• Activity
The answer must reproduce every record exactly, with all pictures omitted.

--- Given data Enclosed Below ---

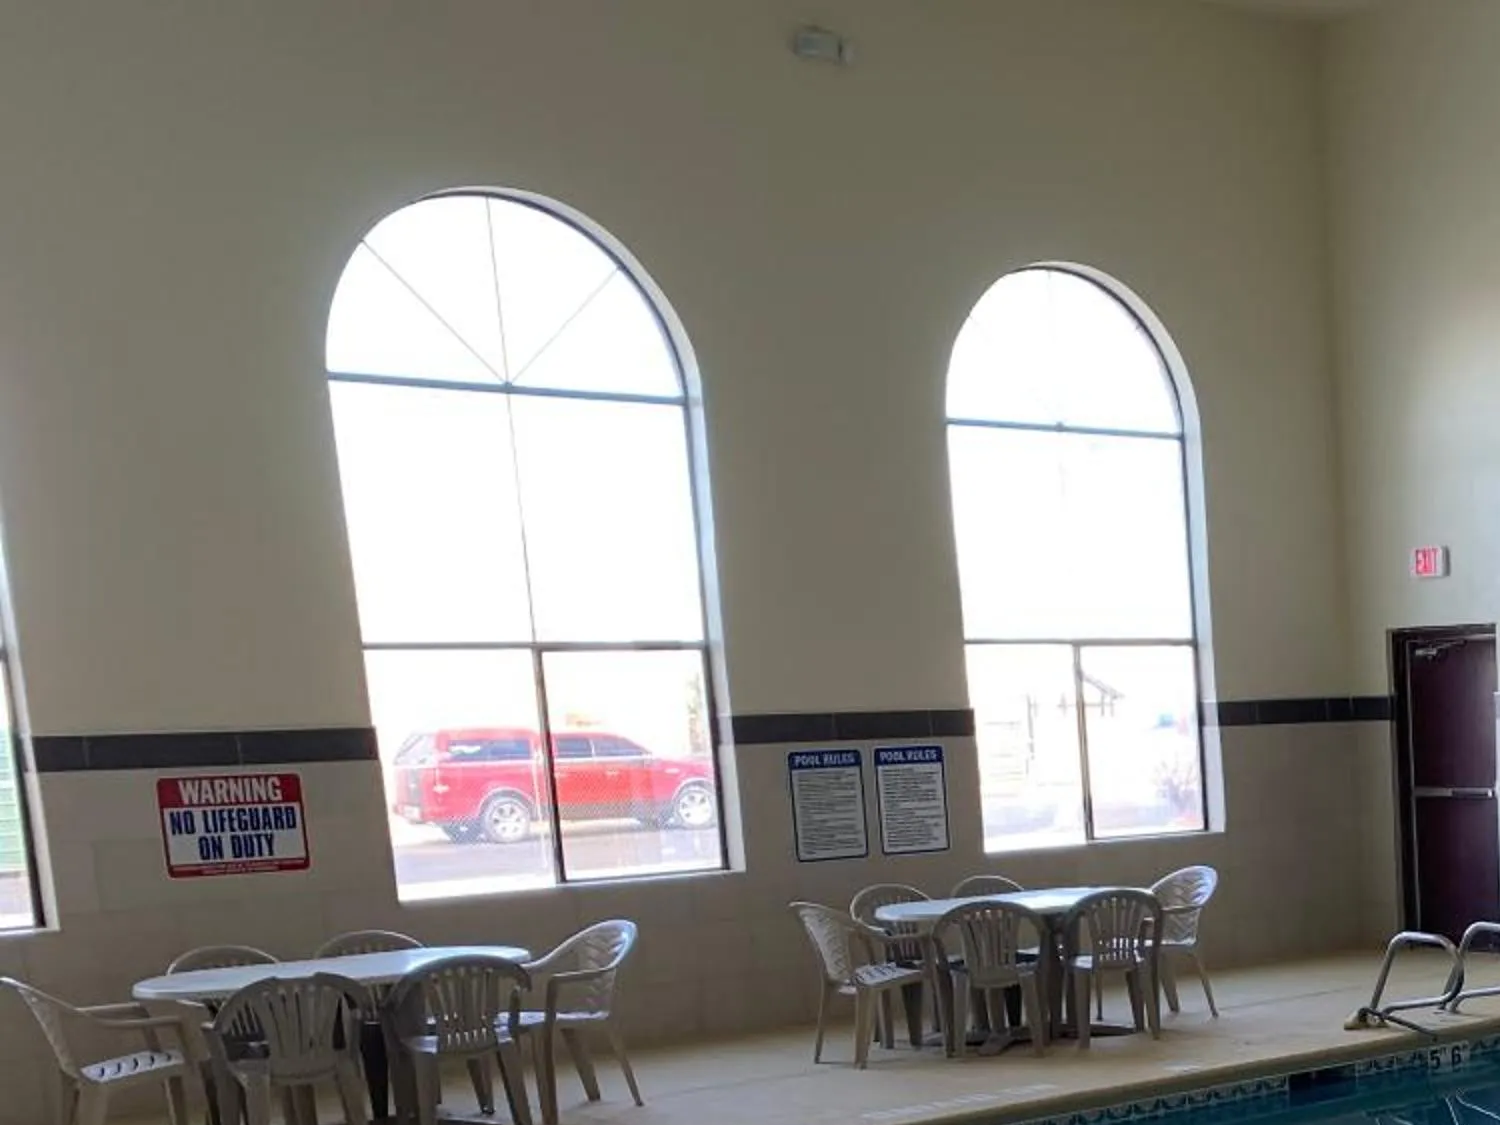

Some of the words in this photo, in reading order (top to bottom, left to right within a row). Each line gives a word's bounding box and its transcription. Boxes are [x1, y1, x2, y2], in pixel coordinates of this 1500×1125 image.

[177, 777, 283, 805] WARNING
[169, 810, 196, 836] NO
[202, 806, 297, 834] LIFEGUARD
[198, 835, 224, 861] ON
[230, 833, 275, 859] DUTY

--- End of Enclosed Given data ---

• Output
Some of the words in this photo, in reading order (top to bottom, left to right within a row). Each line gives a word's bounding box and its transcription. Boxes are [x1, y1, x2, y2], in pixel coordinates of this 1500×1125 image.

[177, 777, 283, 805] WARNING
[169, 810, 196, 836] NO
[202, 806, 297, 834] LIFEGUARD
[198, 835, 224, 861] ON
[230, 833, 275, 859] DUTY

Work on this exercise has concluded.